**DIRECTIONS:** Would you transcribe the line that holds "this 2212×1659 image.", plus every line beneath it through the end of the data, exactly and with nothing added?

:::::

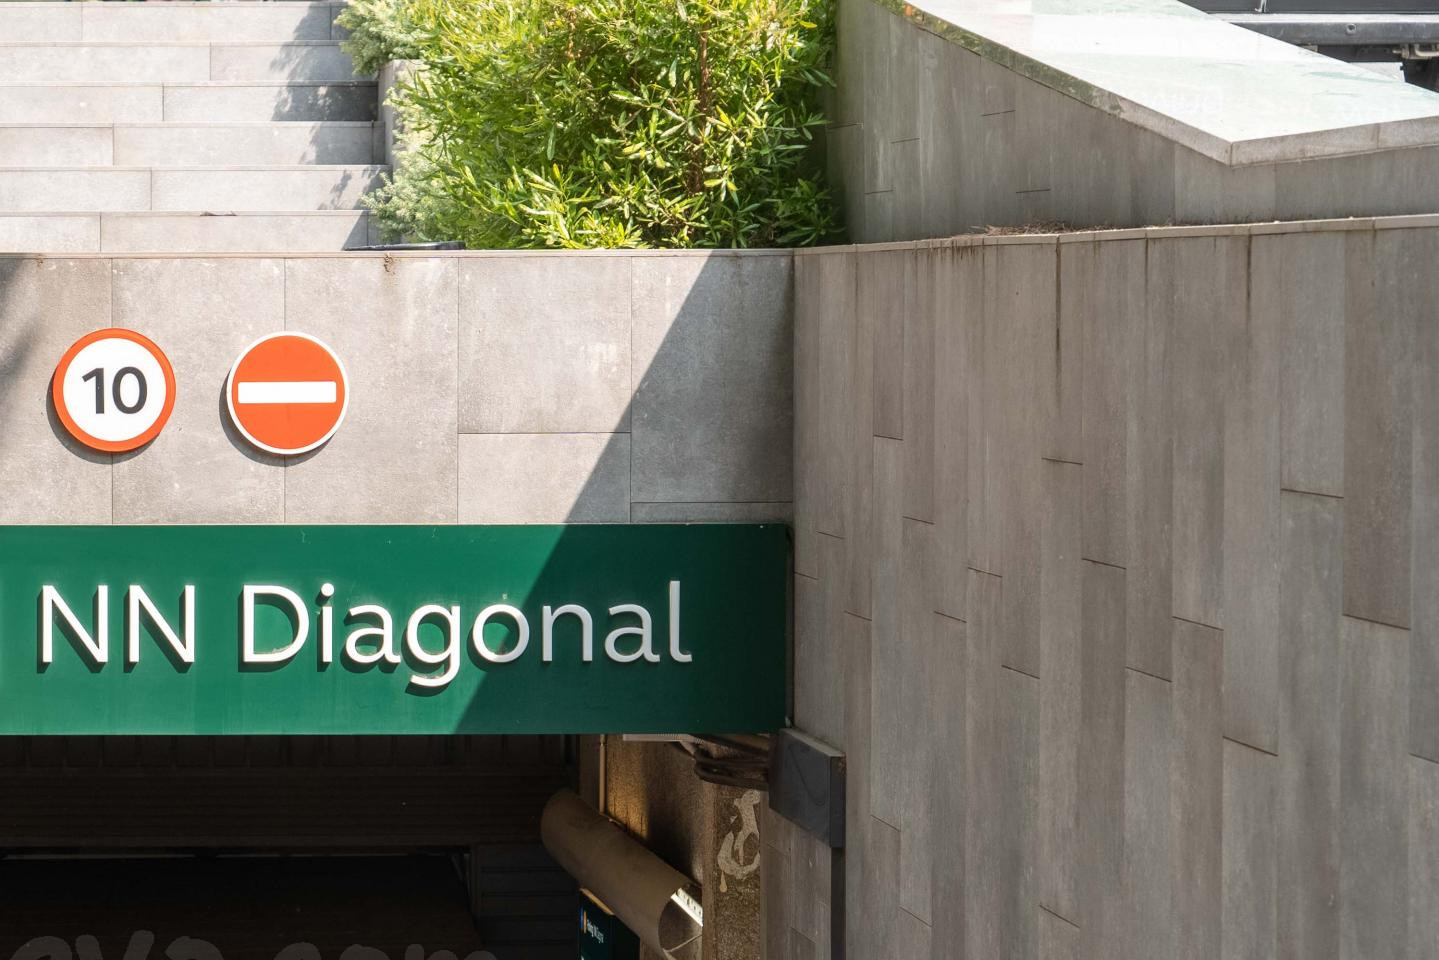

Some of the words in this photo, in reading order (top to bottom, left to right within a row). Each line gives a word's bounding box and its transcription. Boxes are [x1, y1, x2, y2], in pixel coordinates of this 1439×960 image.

[82, 366, 148, 414] 10
[42, 584, 196, 662] NN
[243, 580, 693, 688] Diagonal
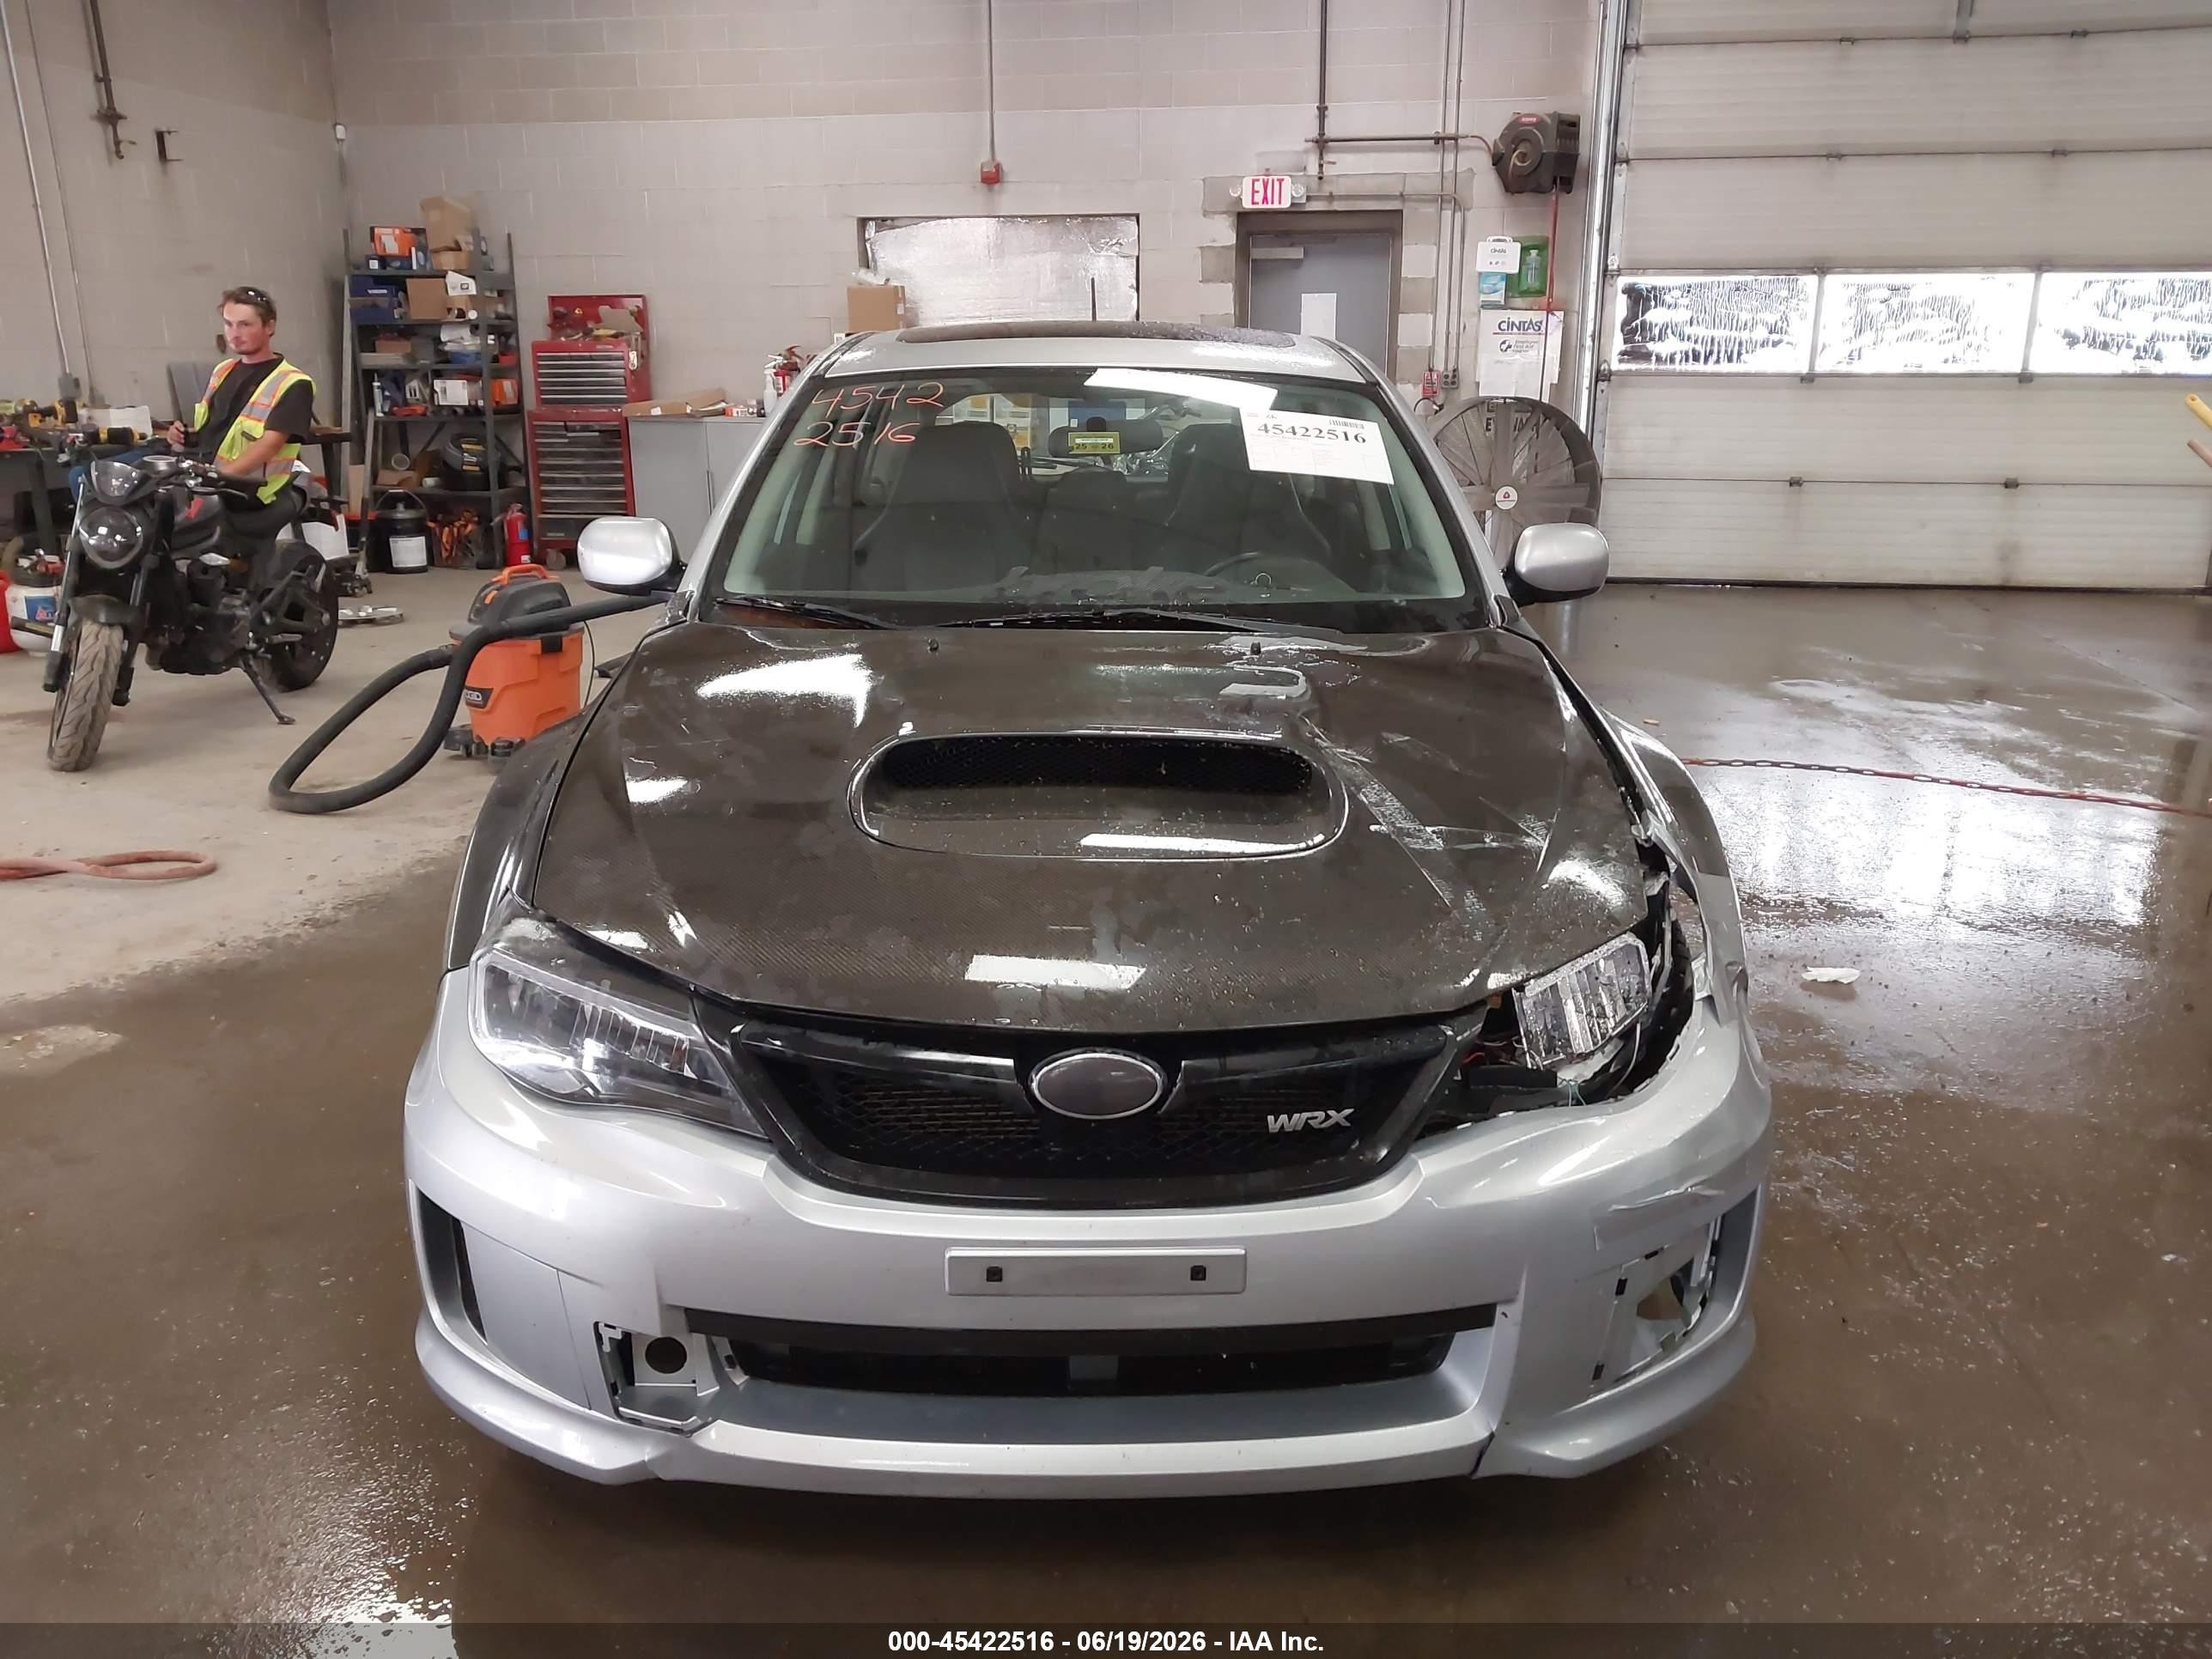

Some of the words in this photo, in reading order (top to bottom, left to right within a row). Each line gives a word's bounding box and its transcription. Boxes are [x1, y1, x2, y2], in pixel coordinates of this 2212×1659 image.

[1251, 178, 1285, 205] EXIT
[1498, 316, 1543, 332] CINTAS
[811, 381, 945, 419] 4542
[793, 420, 922, 447] 2516
[1257, 422, 1367, 445] 45422516
[1267, 1108, 1355, 1133] WRX

:::::

**RESPONSE BELOW:**
Some of the words in this photo, in reading order (top to bottom, left to right within a row). Each line gives a word's bounding box and its transcription. Boxes are [x1, y1, x2, y2], in pixel coordinates of this 2212×1659 image.

[1251, 178, 1285, 205] EXIT
[1498, 316, 1543, 332] CINTAS
[811, 381, 945, 419] 4542
[793, 420, 922, 447] 2516
[1257, 422, 1367, 445] 45422516
[1267, 1108, 1355, 1133] WRX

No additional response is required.